In a first, surgeons successfully transplant a pig kidney into a man

Last Saturday, Richard Slayman made history: He became the first living person to receive a genetically modified kidney from a pig, surgeons at Massachusetts General Hospital in Boston said Thursday.

Slayman, 62, whose kidneys had failed and who had been on dialysis, underwent the four-hour operation Saturday to receive the pig kidney, said his nephrologist, Dr. Winfred Williams, the associate chief of the nephrology division at Mass General.
It really is a groundbreaking milestone,” William said. “Should the kidney continue to work well and this is a success, I think it represents a breakthrough in a number of different areas.”

The first successful pig kidney transplant in a living recipient — a milestone in the field of so-called xenotransplantation, or animal-to-human transplant — could offer hope to the tens of thousands of people in the U.S. on the waiting list for organ transplants, as well as countless others worldwide.

More than 100,000 people in the U.S. are on transplant waiting lists, including about 90,000 who need kidneys, according to the United Network for Organ Sharing, a nonprofit group that manages the U.S. organ transplant system.

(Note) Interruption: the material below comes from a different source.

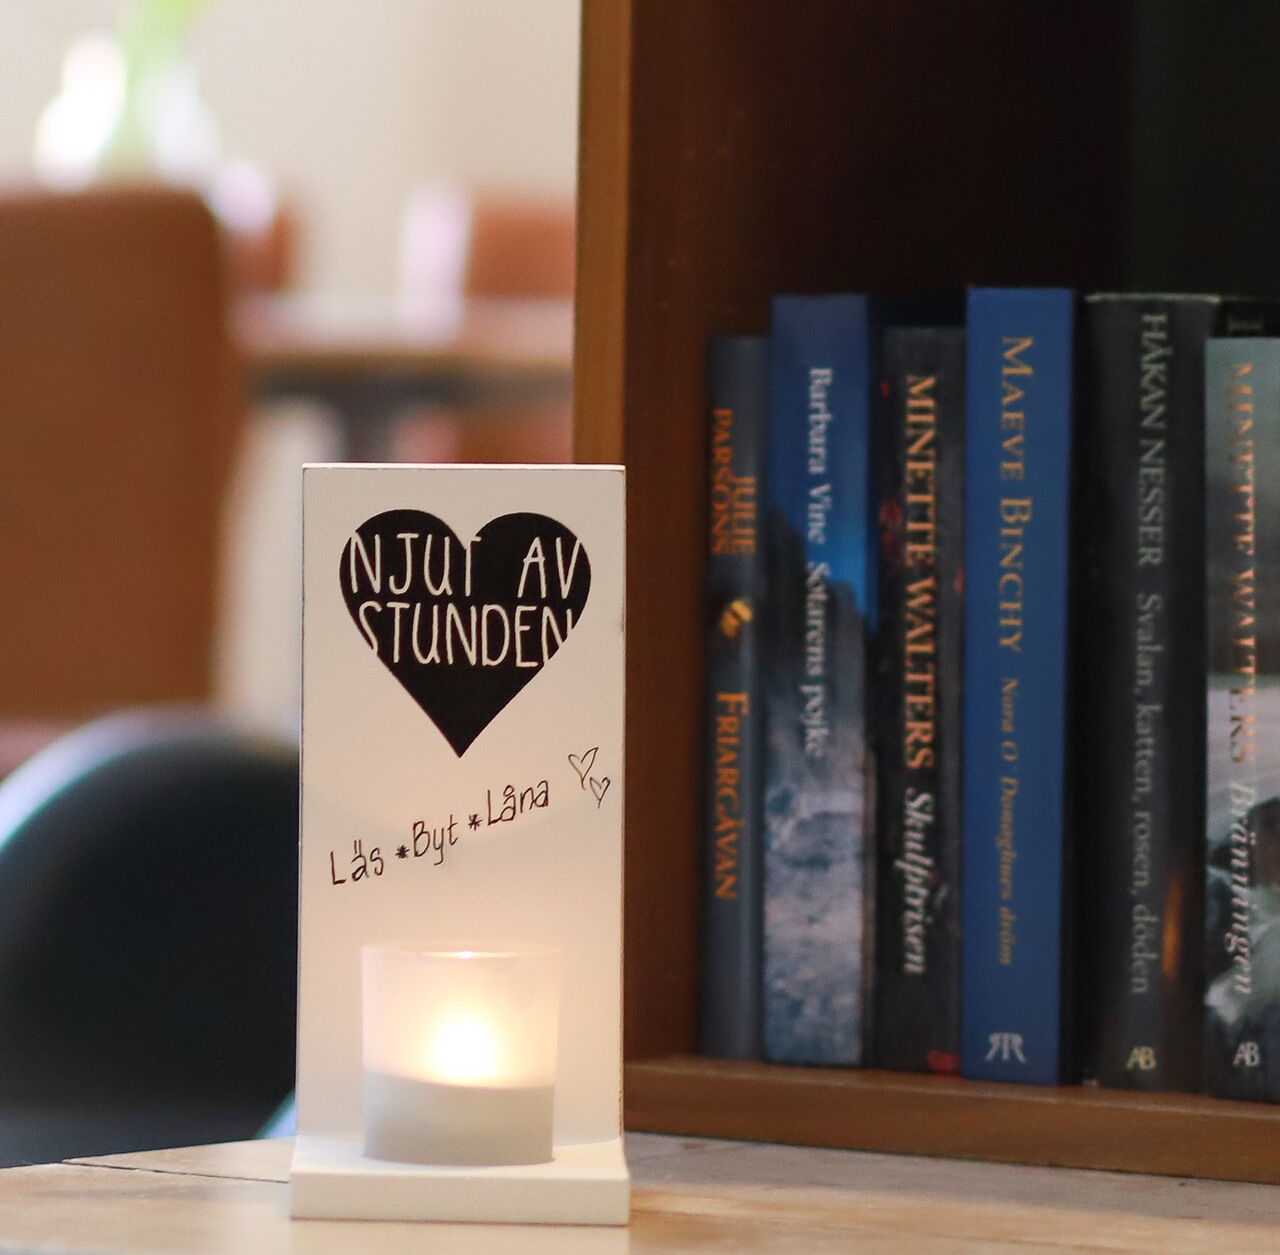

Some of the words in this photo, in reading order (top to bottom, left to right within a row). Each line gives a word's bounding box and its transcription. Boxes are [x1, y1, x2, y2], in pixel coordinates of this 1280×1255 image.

But xenotransplantation still comes with significant risks. There have been two pig-to-human heart transplants in the U.S.; in both cases, the patients lived for no more than two months.
Slayman’s operation was five days ago. He’s still recovering at Mass General, but Williams said his doctors hope to send him home this weekend, as long as no complications come up.

So far, there have been no signs that his body’s immune system is rejecting the kidney, Williams said.
His blood pressure, his vital signs are very stable,” he said. “He looks almost completely on the way to full recovery.”

Still, doctors are collecting samples of Slayman’s blood around the clock, looking for signs of a dangerous virus, which is believed to have killed the man who received the first genetically modified heart from a pig in 2022.

The question of how long the kidney will last remains.